◆ **Information given**:
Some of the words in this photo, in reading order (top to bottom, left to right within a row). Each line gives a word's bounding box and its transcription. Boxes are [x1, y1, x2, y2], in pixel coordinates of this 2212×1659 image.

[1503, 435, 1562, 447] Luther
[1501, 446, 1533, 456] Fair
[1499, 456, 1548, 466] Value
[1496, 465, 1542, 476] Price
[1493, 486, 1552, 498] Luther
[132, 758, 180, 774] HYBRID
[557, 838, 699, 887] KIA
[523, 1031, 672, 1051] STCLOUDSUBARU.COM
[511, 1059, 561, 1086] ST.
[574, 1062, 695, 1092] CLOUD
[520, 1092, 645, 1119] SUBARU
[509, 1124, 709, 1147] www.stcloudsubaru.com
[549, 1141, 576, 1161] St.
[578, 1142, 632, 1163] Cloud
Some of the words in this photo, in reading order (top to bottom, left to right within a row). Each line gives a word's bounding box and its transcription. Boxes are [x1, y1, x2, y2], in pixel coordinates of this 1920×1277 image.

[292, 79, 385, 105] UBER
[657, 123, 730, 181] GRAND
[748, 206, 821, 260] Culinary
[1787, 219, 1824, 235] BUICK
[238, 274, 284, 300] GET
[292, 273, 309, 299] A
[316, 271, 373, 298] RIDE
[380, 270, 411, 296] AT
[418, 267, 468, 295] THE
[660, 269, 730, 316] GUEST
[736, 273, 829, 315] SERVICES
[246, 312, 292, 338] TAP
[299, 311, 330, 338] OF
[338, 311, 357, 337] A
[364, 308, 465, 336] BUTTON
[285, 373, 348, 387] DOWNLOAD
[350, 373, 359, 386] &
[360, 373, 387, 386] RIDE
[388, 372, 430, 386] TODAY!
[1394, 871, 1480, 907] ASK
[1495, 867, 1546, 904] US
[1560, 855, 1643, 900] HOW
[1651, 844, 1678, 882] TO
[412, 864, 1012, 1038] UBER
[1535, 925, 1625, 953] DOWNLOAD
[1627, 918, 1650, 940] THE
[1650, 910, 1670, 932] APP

◆ **Activity**:
Repeat every line of the material exactly.

◆ **Response to this task**:
Some of the words in this photo, in reading order (top to bottom, left to right within a row). Each line gives a word's bounding box and its transcription. Boxes are [x1, y1, x2, y2], in pixel coordinates of this 2212×1659 image.

[1503, 435, 1562, 447] Luther
[1501, 446, 1533, 456] Fair
[1499, 456, 1548, 466] Value
[1496, 465, 1542, 476] Price
[1493, 486, 1552, 498] Luther
[132, 758, 180, 774] HYBRID
[557, 838, 699, 887] KIA
[523, 1031, 672, 1051] STCLOUDSUBARU.COM
[511, 1059, 561, 1086] ST.
[574, 1062, 695, 1092] CLOUD
[520, 1092, 645, 1119] SUBARU
[509, 1124, 709, 1147] www.stcloudsubaru.com
[549, 1141, 576, 1161] St.
[578, 1142, 632, 1163] Cloud
Some of the words in this photo, in reading order (top to bottom, left to right within a row). Each line gives a word's bounding box and its transcription. Boxes are [x1, y1, x2, y2], in pixel coordinates of this 1920×1277 image.

[292, 79, 385, 105] UBER
[657, 123, 730, 181] GRAND
[748, 206, 821, 260] Culinary
[1787, 219, 1824, 235] BUICK
[238, 274, 284, 300] GET
[292, 273, 309, 299] A
[316, 271, 373, 298] RIDE
[380, 270, 411, 296] AT
[418, 267, 468, 295] THE
[660, 269, 730, 316] GUEST
[736, 273, 829, 315] SERVICES
[246, 312, 292, 338] TAP
[299, 311, 330, 338] OF
[338, 311, 357, 337] A
[364, 308, 465, 336] BUTTON
[285, 373, 348, 387] DOWNLOAD
[350, 373, 359, 386] &
[360, 373, 387, 386] RIDE
[388, 372, 430, 386] TODAY!
[1394, 871, 1480, 907] ASK
[1495, 867, 1546, 904] US
[1560, 855, 1643, 900] HOW
[1651, 844, 1678, 882] TO
[412, 864, 1012, 1038] UBER
[1535, 925, 1625, 953] DOWNLOAD
[1627, 918, 1650, 940] THE
[1650, 910, 1670, 932] APP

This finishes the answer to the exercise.